(Annotated photo localization data)

▼

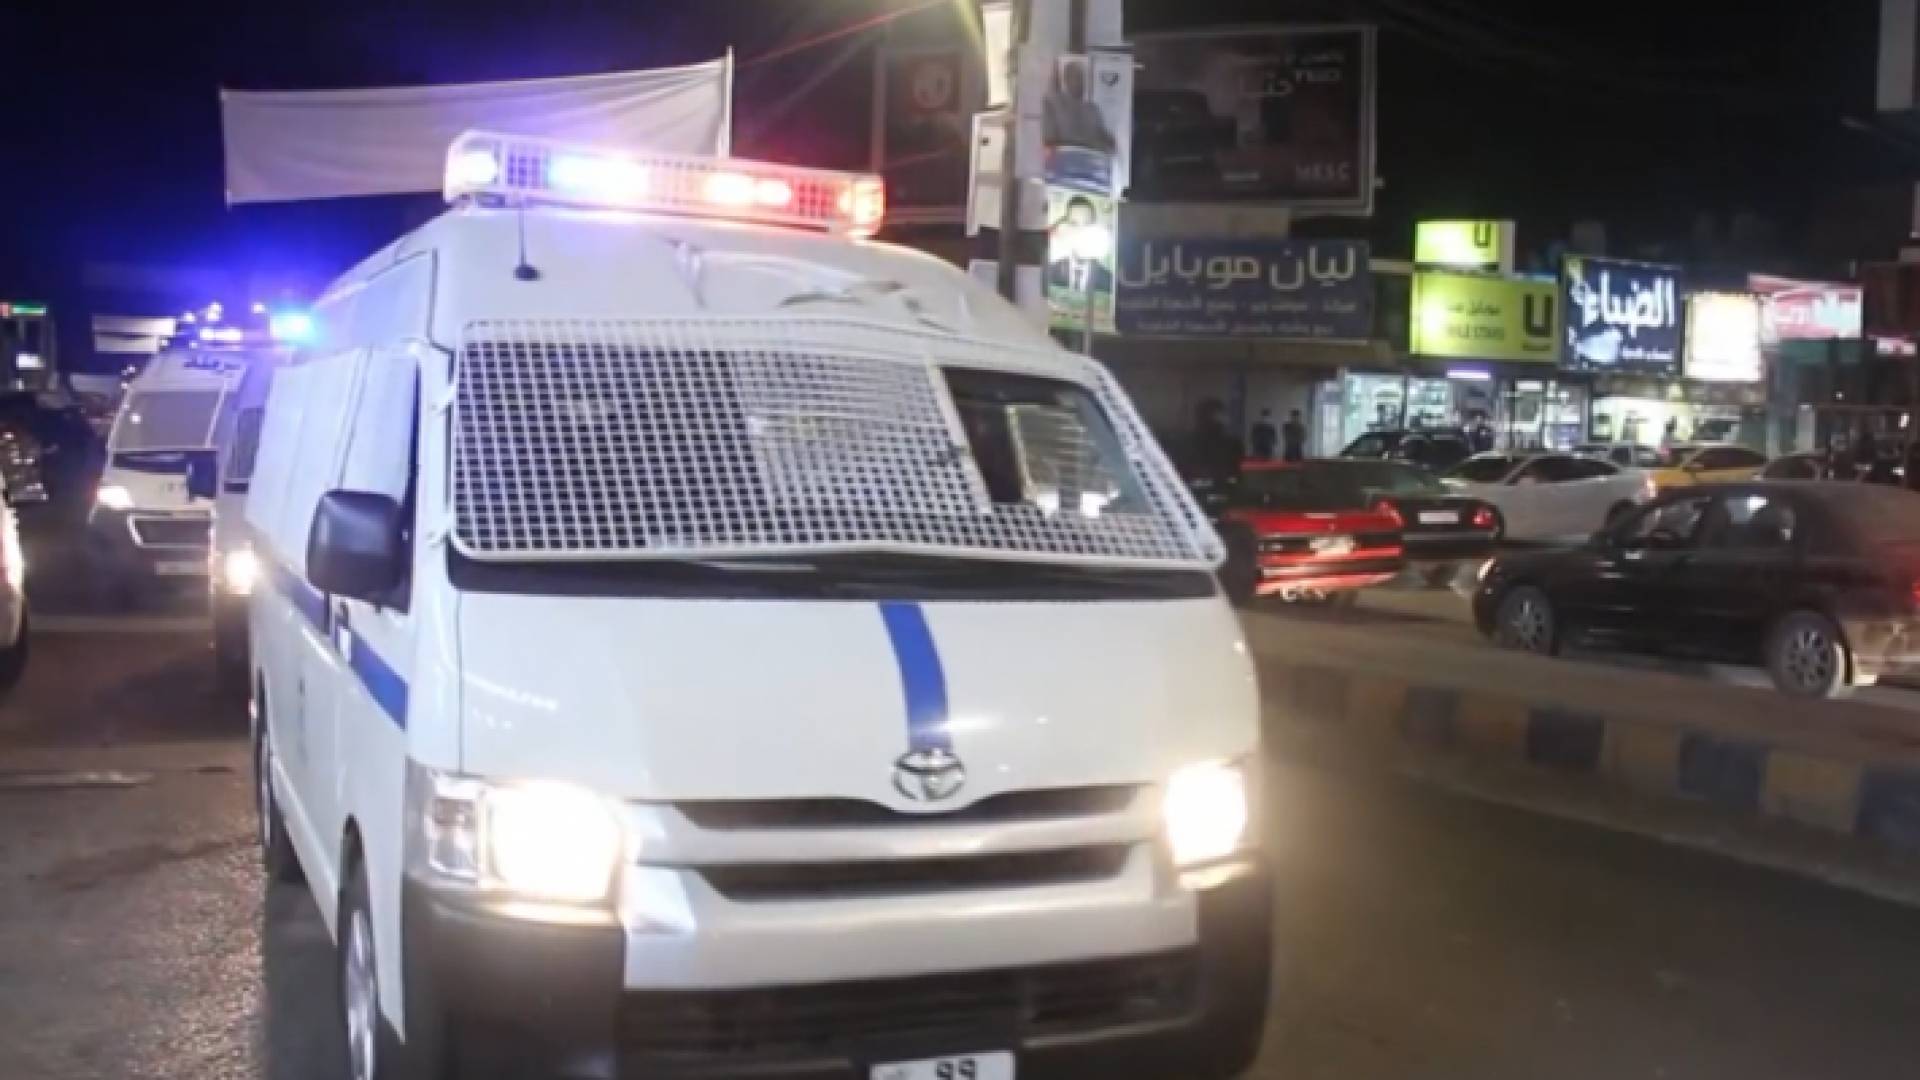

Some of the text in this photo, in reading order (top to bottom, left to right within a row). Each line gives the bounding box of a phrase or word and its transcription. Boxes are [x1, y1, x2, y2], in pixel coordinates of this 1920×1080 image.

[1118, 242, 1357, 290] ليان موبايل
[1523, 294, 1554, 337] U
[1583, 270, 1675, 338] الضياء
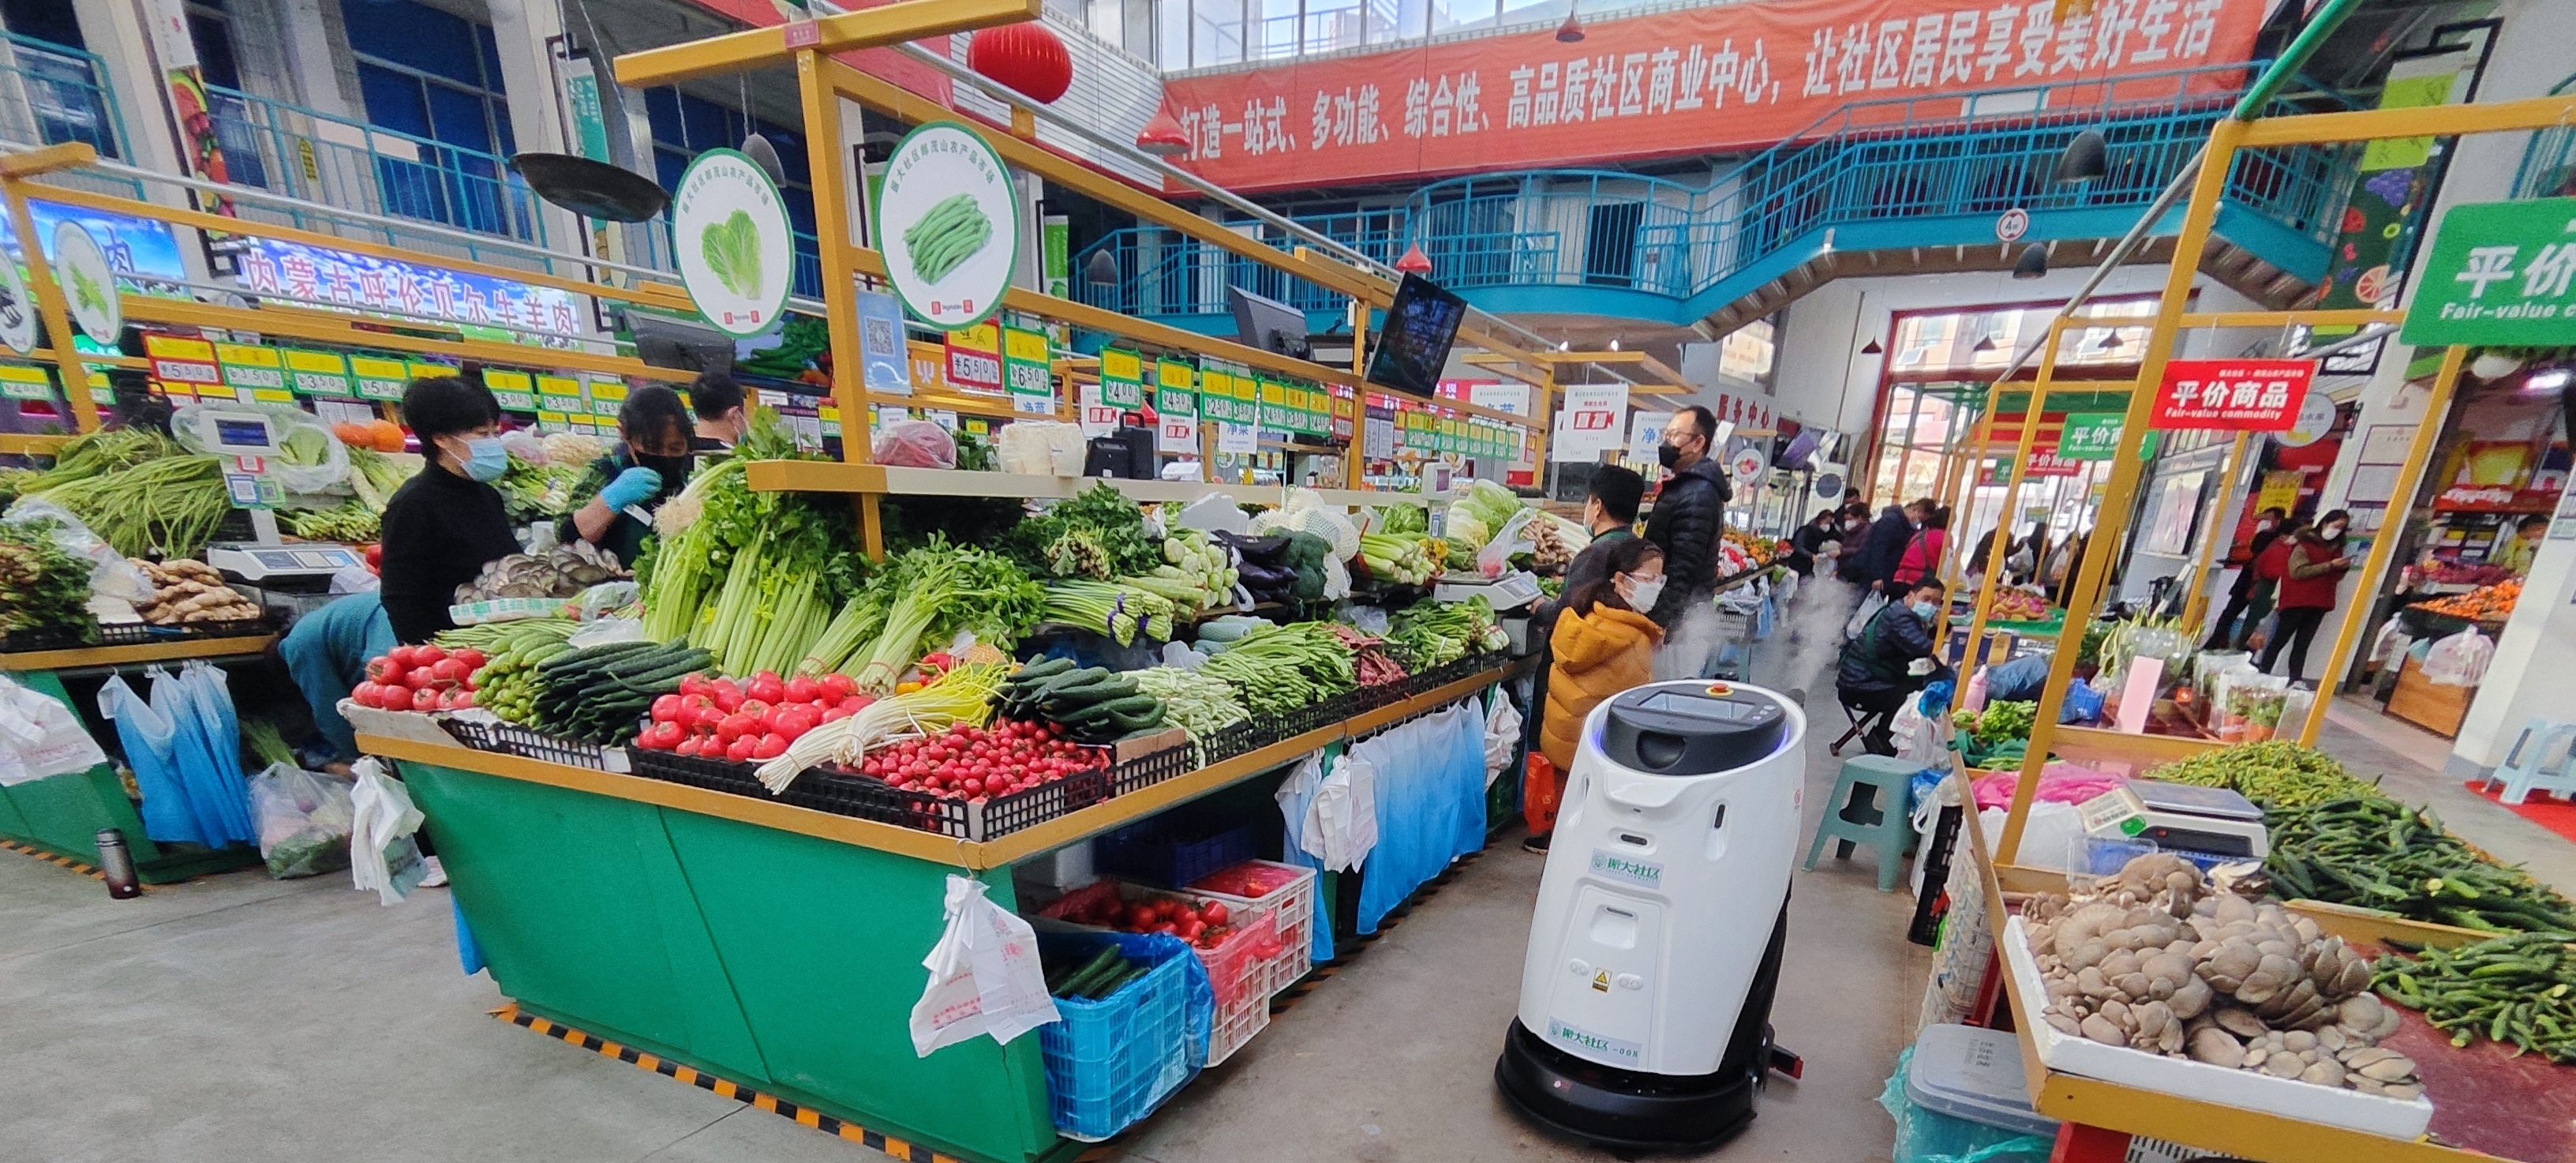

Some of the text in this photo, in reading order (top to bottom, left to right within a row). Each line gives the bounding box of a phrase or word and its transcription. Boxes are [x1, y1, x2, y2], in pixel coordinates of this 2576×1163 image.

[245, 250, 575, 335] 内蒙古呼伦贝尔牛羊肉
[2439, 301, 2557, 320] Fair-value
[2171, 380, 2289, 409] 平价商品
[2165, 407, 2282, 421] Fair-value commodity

▲

## Exercise requirements:
The pictures alone are to be left out when the data above is copied; all else must match exactly.

## Reply:
Some of the text in this photo, in reading order (top to bottom, left to right within a row). Each line gives the bounding box of a phrase or word and its transcription. Boxes are [x1, y1, x2, y2], in pixel coordinates of this 1920×1080 image.

[1118, 242, 1357, 290] ليان موبايل
[1523, 294, 1554, 337] U
[1583, 270, 1675, 338] الضياء

Some of the text in this photo, in reading order (top to bottom, left to right within a row). Each line gives the bounding box of a phrase or word and its transcription. Boxes are [x1, y1, x2, y2], in pixel coordinates of this 2576×1163 image.

[245, 250, 575, 335] 内蒙古呼伦贝尔牛羊肉
[2439, 301, 2557, 320] Fair-value
[2171, 380, 2289, 409] 平价商品
[2165, 407, 2282, 421] Fair-value commodity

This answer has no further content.